To evaluate the surgical efficacy and complications of two different operations, the following data were collected. 1) Basic information: age, sex, and body mass index; 2) Tumor anatomical location: the maximum tumor diameter from contrast-enhanced CT imaging, tumor side, tumor location, and the complexity of tumors according to the R.E.N.A.L nephelometry score; 3) The degree of malignancy: the TNM stage; 4) The information of the operation: the operative time, the time of renal ischemia, the volume of the tumor which was measured in fresh specimens, the weight of the whole fresh specimens, and the weight/the volume of fresh specimens was calculated; 5) Blood loss: the blood loss during the operation, preoperative hemoglobin, and hemoglobin within 72 hours postoperatively. ΔHemoglobin was calculated subtracting postoperative hemoglobin from preoperative hemoglobin; 6) Renal function estimation: serum creatinine preoperatively, serum creatinine within 72 hours postoperatively, the lever of Glomerular Filtration Rate (GFR) preoperatively, and the lever of GFR within 72 hours postoperatively. We used the Modification of Diet in Renal Disease (MDRD) formula to assess the level of GFR. ΔSerum creatinine was calculated subtracting preoperative serum creatinine from postoperative serum creatinine. In the same way, ΔGFR was also calculated. 7) The complication: perioperative complications, postoperative complications as classified according to the Clavien system. 8) The prognostic information: the number of surgical margins, and the number of recurrences in the sixth month initial postoperatively. The patients were required to do the contrast-enhanced CT imaging of kidney and lung six months after the operation.

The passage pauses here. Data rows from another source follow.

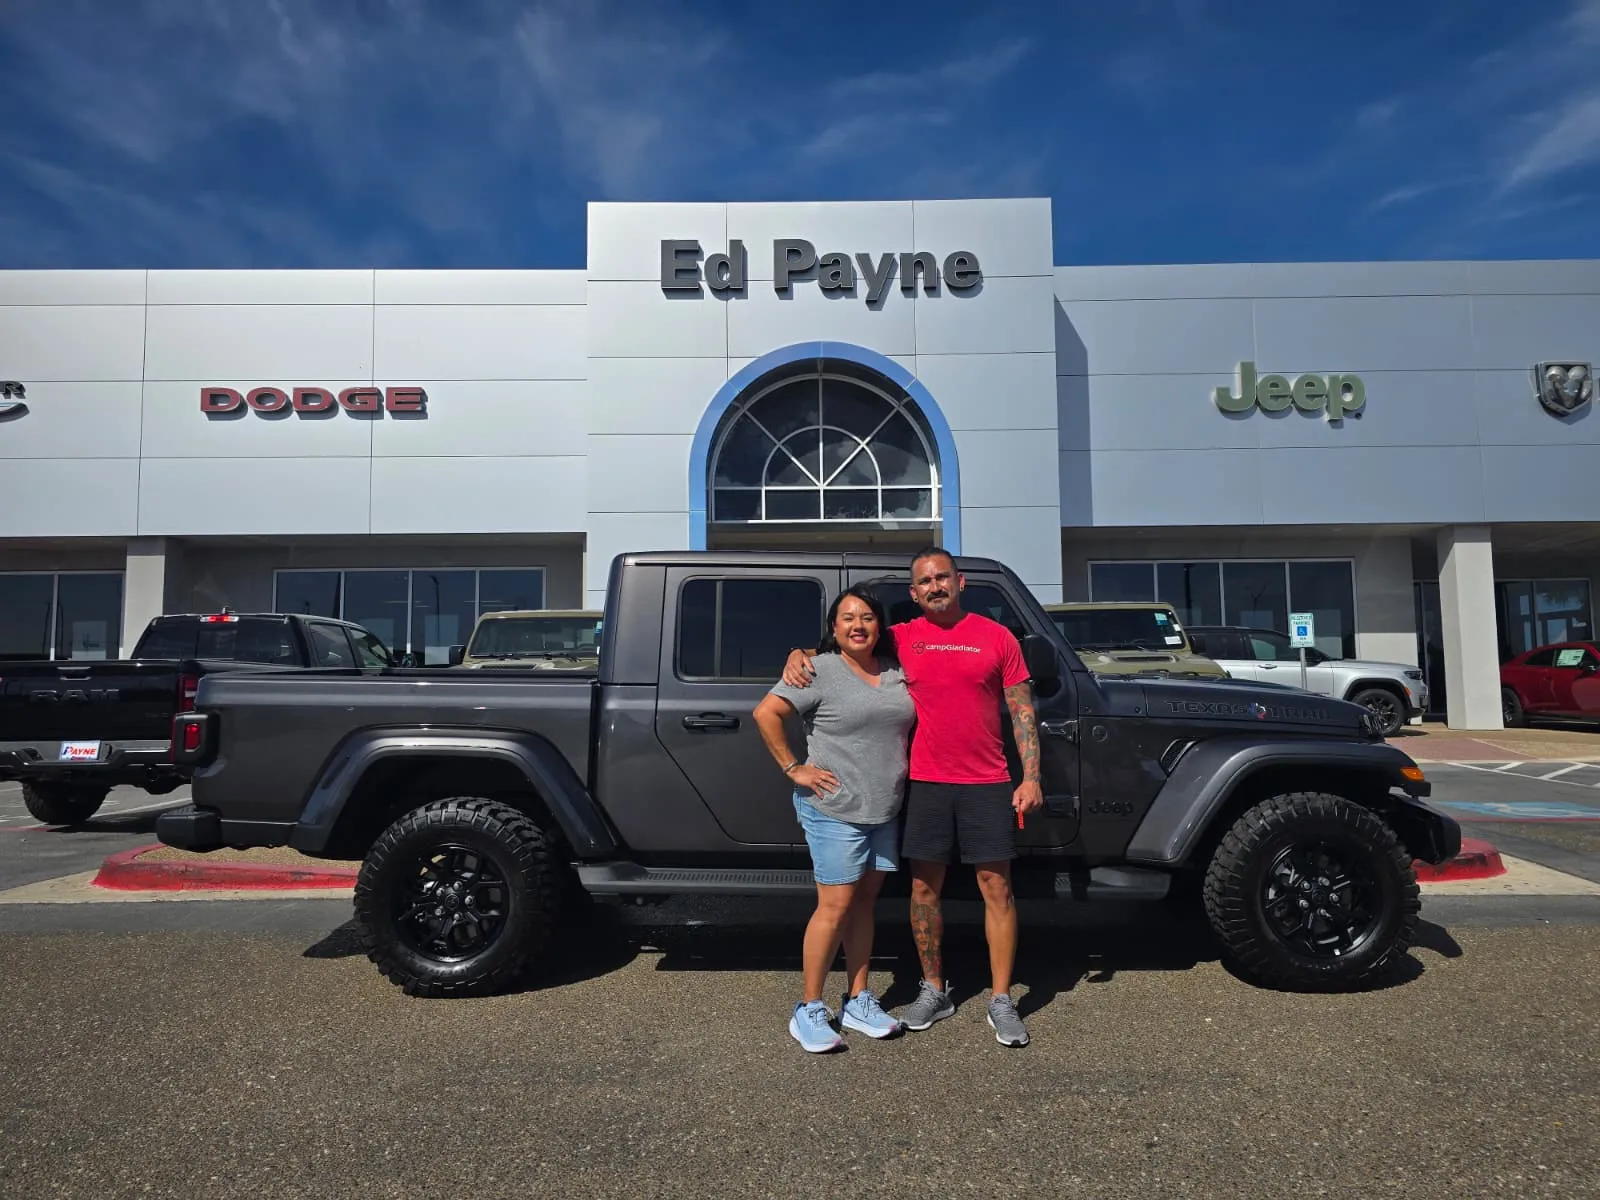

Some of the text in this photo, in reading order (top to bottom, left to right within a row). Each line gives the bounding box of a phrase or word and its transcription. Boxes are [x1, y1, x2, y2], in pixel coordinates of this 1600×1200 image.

[661, 238, 981, 305] Ed Payne
[200, 387, 423, 413] DODGE
[1215, 361, 1365, 420] Jeep
[63, 746, 97, 756] PAYNE
[1088, 799, 1134, 817] Jeep
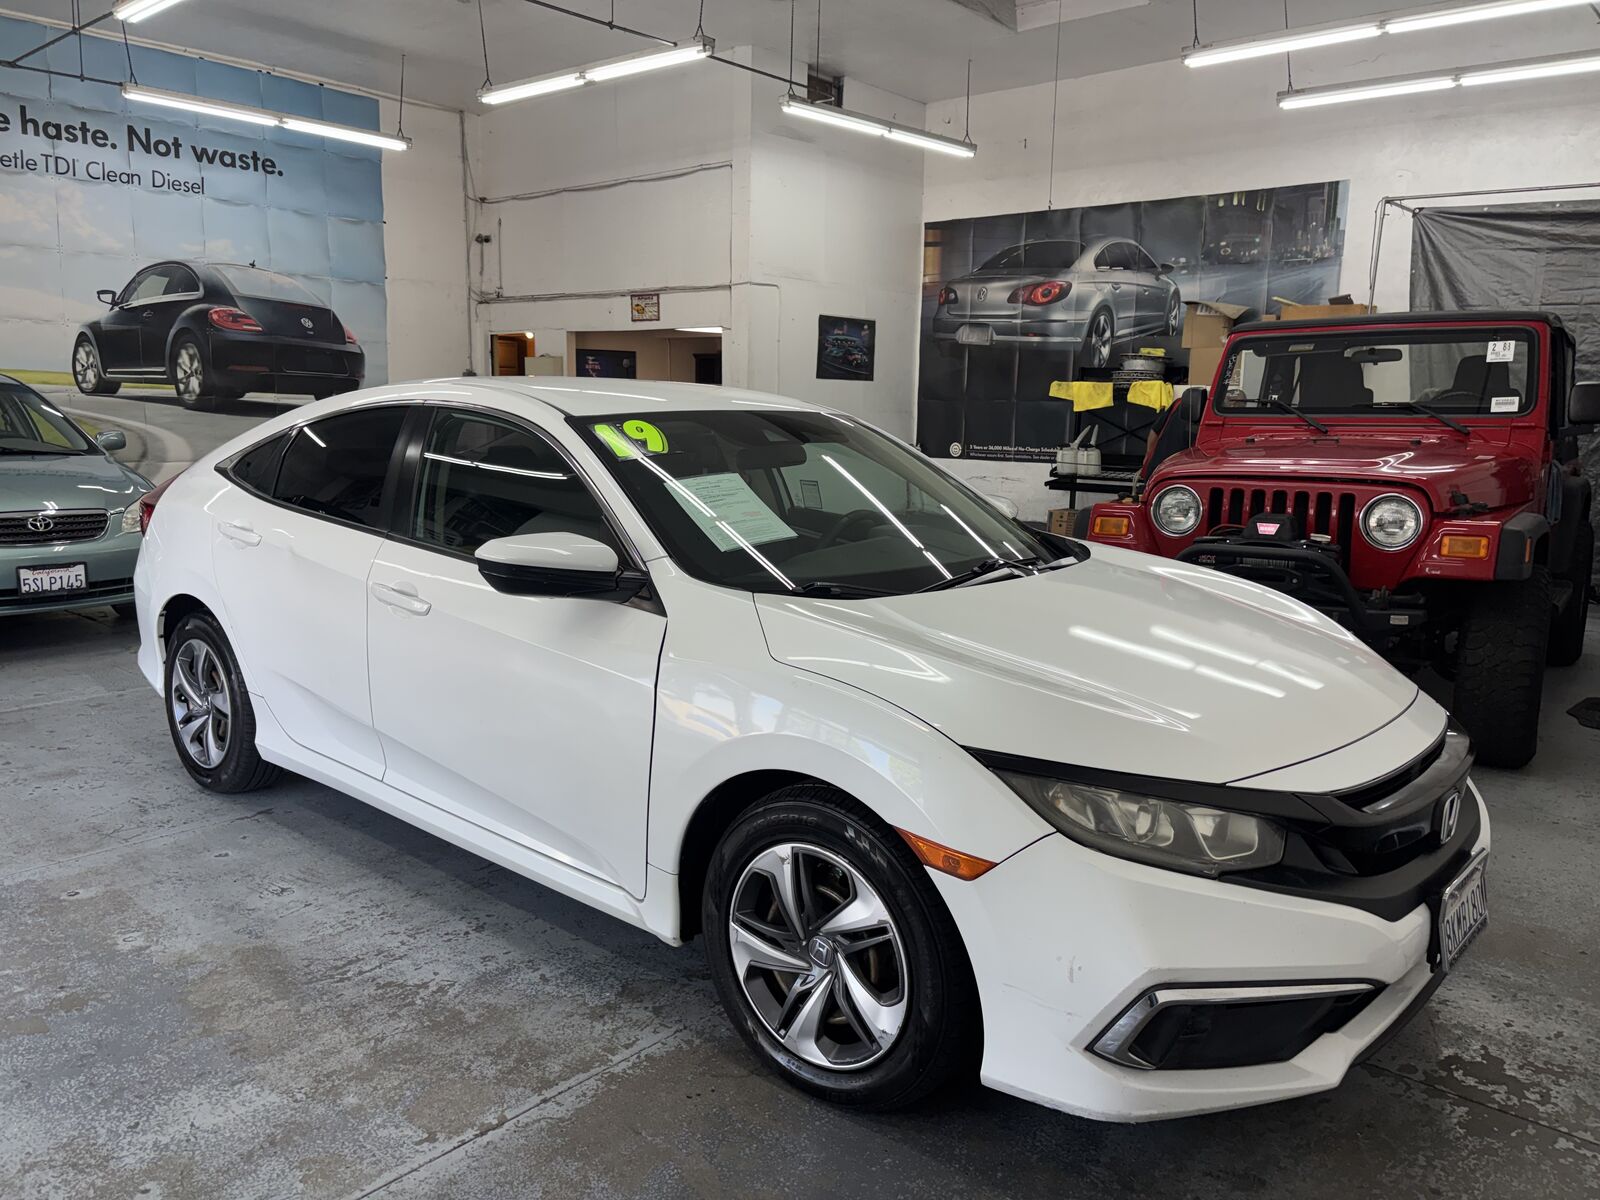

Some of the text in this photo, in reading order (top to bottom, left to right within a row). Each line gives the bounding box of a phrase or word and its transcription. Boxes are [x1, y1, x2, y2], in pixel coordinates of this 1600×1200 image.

[20, 105, 118, 149] haste.
[127, 124, 183, 159] Not
[190, 144, 284, 177] waste.
[0, 149, 205, 195] etle TDI Clean Diesel
[22, 573, 84, 592] 5SLP145

The vision of the ICG-fluorescence navigation system for laparoscopic partial nephrectomy. 1: The vision of the renal tumor in the white light. 2: The vision of the renal tumor in the green model. 3: The vision of the renal tumor in the color model. 4: The vision of the renal tumor in the black and white model. Compared with the normal renal tissue, the renal clear cell cancer looked obviously “darker”.
SPSS25.0 statistical software was used to process the data, and the T-test was adopted for calculation data comparison and χ2 test for enumeration data comparison, where P<0.05 was defined as a statistically significant difference.

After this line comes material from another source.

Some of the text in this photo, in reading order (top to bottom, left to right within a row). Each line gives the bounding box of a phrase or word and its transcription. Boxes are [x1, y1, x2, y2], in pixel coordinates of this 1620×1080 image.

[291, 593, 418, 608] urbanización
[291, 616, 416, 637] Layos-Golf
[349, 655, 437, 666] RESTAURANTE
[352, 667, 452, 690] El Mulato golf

Ultimately, 60 patients were identified and retrospectively analyzed. 21 patients underwent the fluorescence laparoscopic partial nephrectomy, while the rest 39 patients were performed the general laparoscopic partial nephrectomy. All 60 patients were performed by two experienced surgeons. There were no differences in baseline variables between the two groups (Table 1).

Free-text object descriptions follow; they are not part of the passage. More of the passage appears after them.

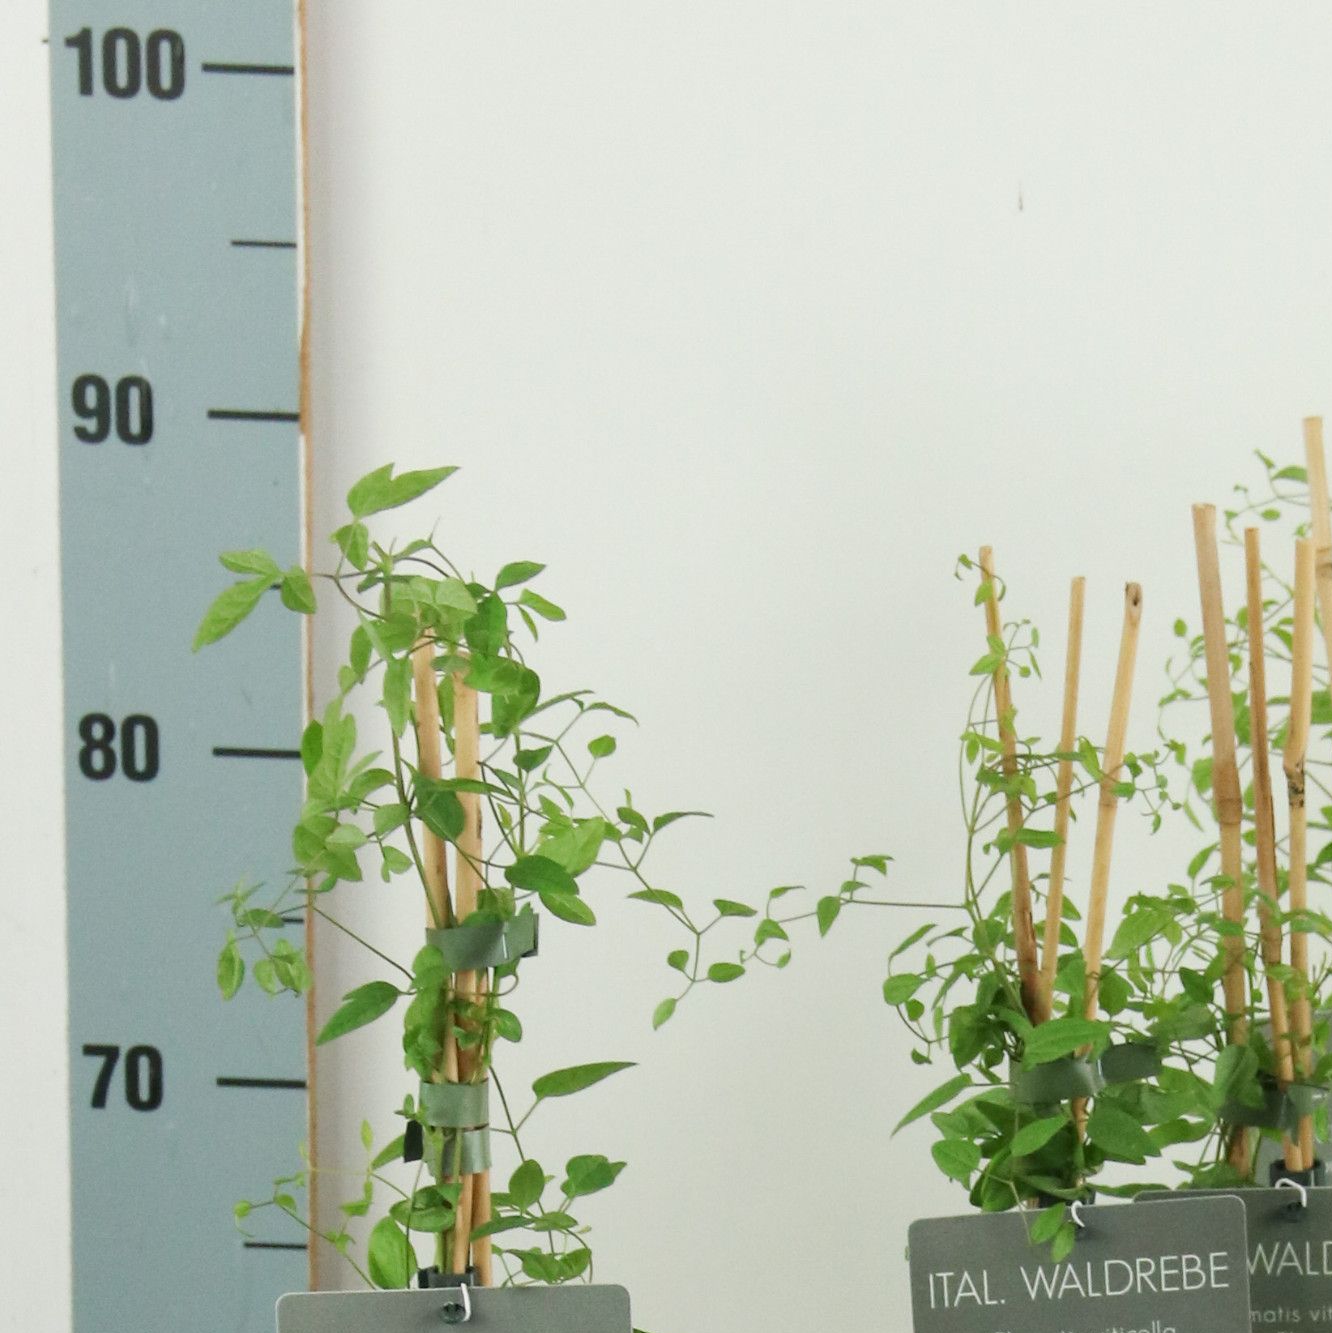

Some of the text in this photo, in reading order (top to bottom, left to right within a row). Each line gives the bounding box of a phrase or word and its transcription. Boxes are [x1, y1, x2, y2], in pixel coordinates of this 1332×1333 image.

[65, 28, 185, 100] 100
[71, 374, 154, 445] 90
[78, 713, 159, 782] 80
[81, 1044, 164, 1112] 70
[928, 1251, 1230, 1309] ITAL. WALDREBE

All the enrolled patients had complex renal mass (R.E.N.A.L score ≥7), and the difficulty of the surgery for two groups was very close. The R.E.N.A.L score for the group of fluorescence laparoscopy was 7.9±0.8, while the R.E.N.A.L score for the group of general laparoscopy was 8.0±0.7 (P=0.56) (Table 1).
The basic variables between the two groups
The group of fluorescence laparoscopy (n=21) | The group of general laparoscopy (n=39) | P value | |
---|---|---|---|
Age (year) | 61.1±8.4 | 62.7±6.7 | 0.43 |
Sex (male/female, n) | 11/10 | 20/19 | 0.94 |
Body mass index | 23.3±1.9 | 23.9±2.0 | 0.27 |
The tumor anatomical location | |||
the maximum diameter in CT, cm | 4.4±0.5 | 4.3±0.5 | 0.39 |
Anterior face/postior face, n | 12/9 | 21/18 | 0.81 |
Tumor location: superior/intermediate/lower, n | 8/8/5 | 8/15/16 | 0.25 |
Tumor growth: >50% exophytic, <50% exophytic, n | 6/15 | 15/24 | 0.44 |
The distance between the tumor boundary and renal collecting ducts: >7 mm, 4-7 mm, <4 mm, n | 2/12/7 | 3/17/19 | 0.24 |
The RENAL score | 7.9±0.8 | 8.0±0.7 | 0.56 |
Focusing on the ischemia techniques, all the patients underwent global ischemia. The time of renal ischemia was 27.2±3.6 mins for the group of fluorescence laparoscopy, and 27.9±3.2 mins for the group of general laparoscopy (p=0.45) (Table 2).
The average blood loss for the group of fluorescence laparoscopy was 48.2±9.7 ml. In contrast, the average blood loss for the group of general laparoscopy was 47.4±7.1 ml (p=0.72). Compared with another index of hemoglobin variable between preoperation and postoperation, two groups still had similar results (13.5±4.8 vs 14.6±3.9, g/l, p=0.35).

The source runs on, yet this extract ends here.